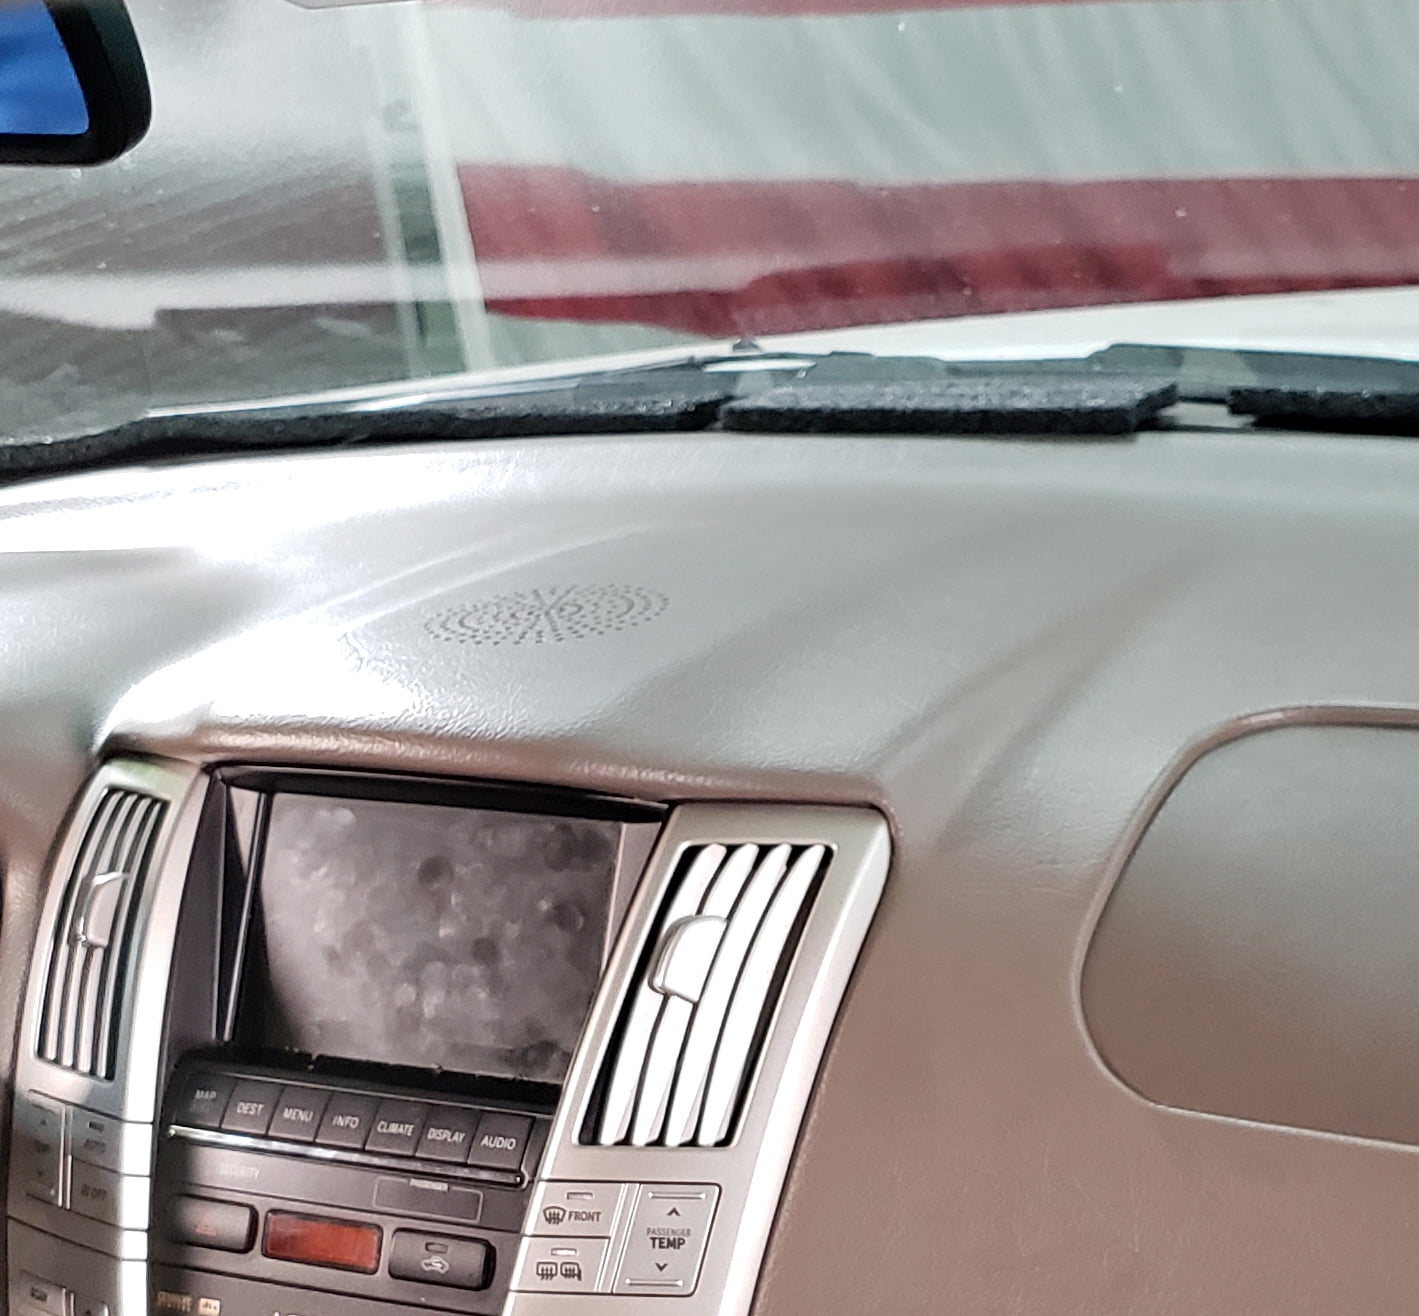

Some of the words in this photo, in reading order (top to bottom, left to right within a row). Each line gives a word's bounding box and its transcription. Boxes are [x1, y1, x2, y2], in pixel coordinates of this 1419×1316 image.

[237, 1102, 265, 1116] DEST
[283, 1107, 314, 1122] MENU
[332, 1115, 360, 1130] INFO
[377, 1120, 415, 1137] CLIMATE
[427, 1127, 466, 1144] DISPLAY
[481, 1134, 517, 1151] AUDIO
[568, 1210, 602, 1223] FRONT
[650, 1237, 686, 1251] TEMP
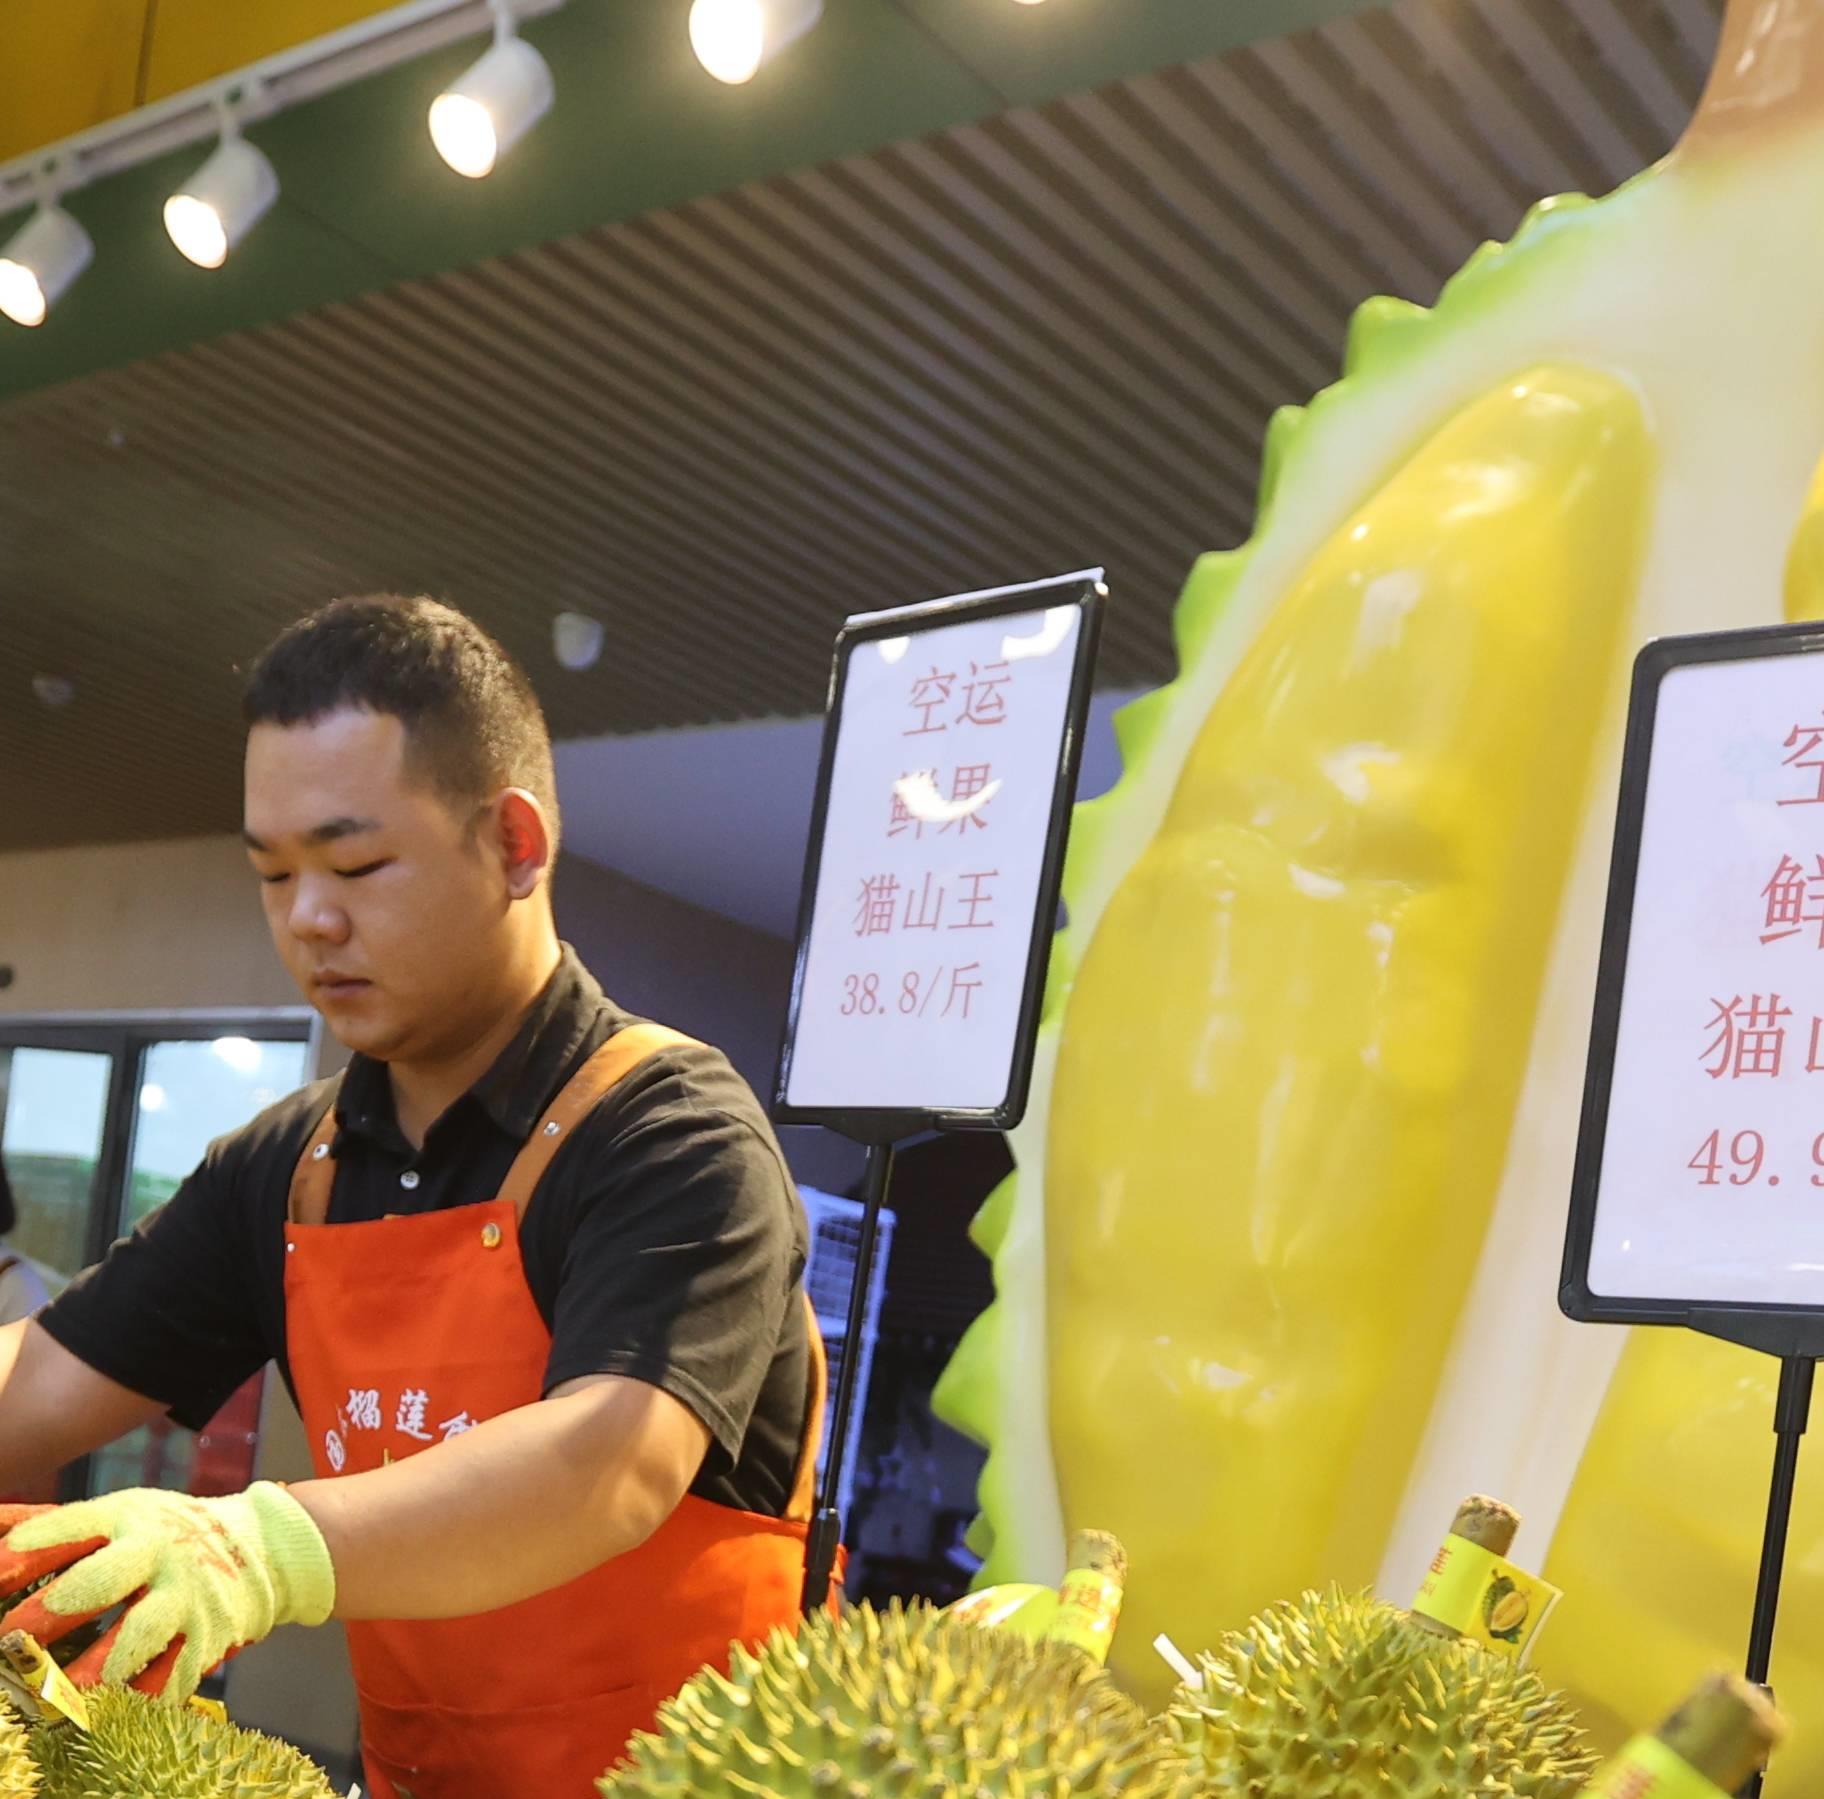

------------------------------------

What is expected:
A verbatim copy of the data, with all pictures omitted, is the required output.

Written response:
Some of the words in this photo, in reading order (top to bottom, left to right within a row). Each line gives a word's bounding box and its transcription. Boxes are [x1, y1, x2, y2], in pixel coordinates of this 1419×1316 image.

[237, 1102, 265, 1116] DEST
[283, 1107, 314, 1122] MENU
[332, 1115, 360, 1130] INFO
[377, 1120, 415, 1137] CLIMATE
[427, 1127, 466, 1144] DISPLAY
[481, 1134, 517, 1151] AUDIO
[568, 1210, 602, 1223] FRONT
[650, 1237, 686, 1251] TEMP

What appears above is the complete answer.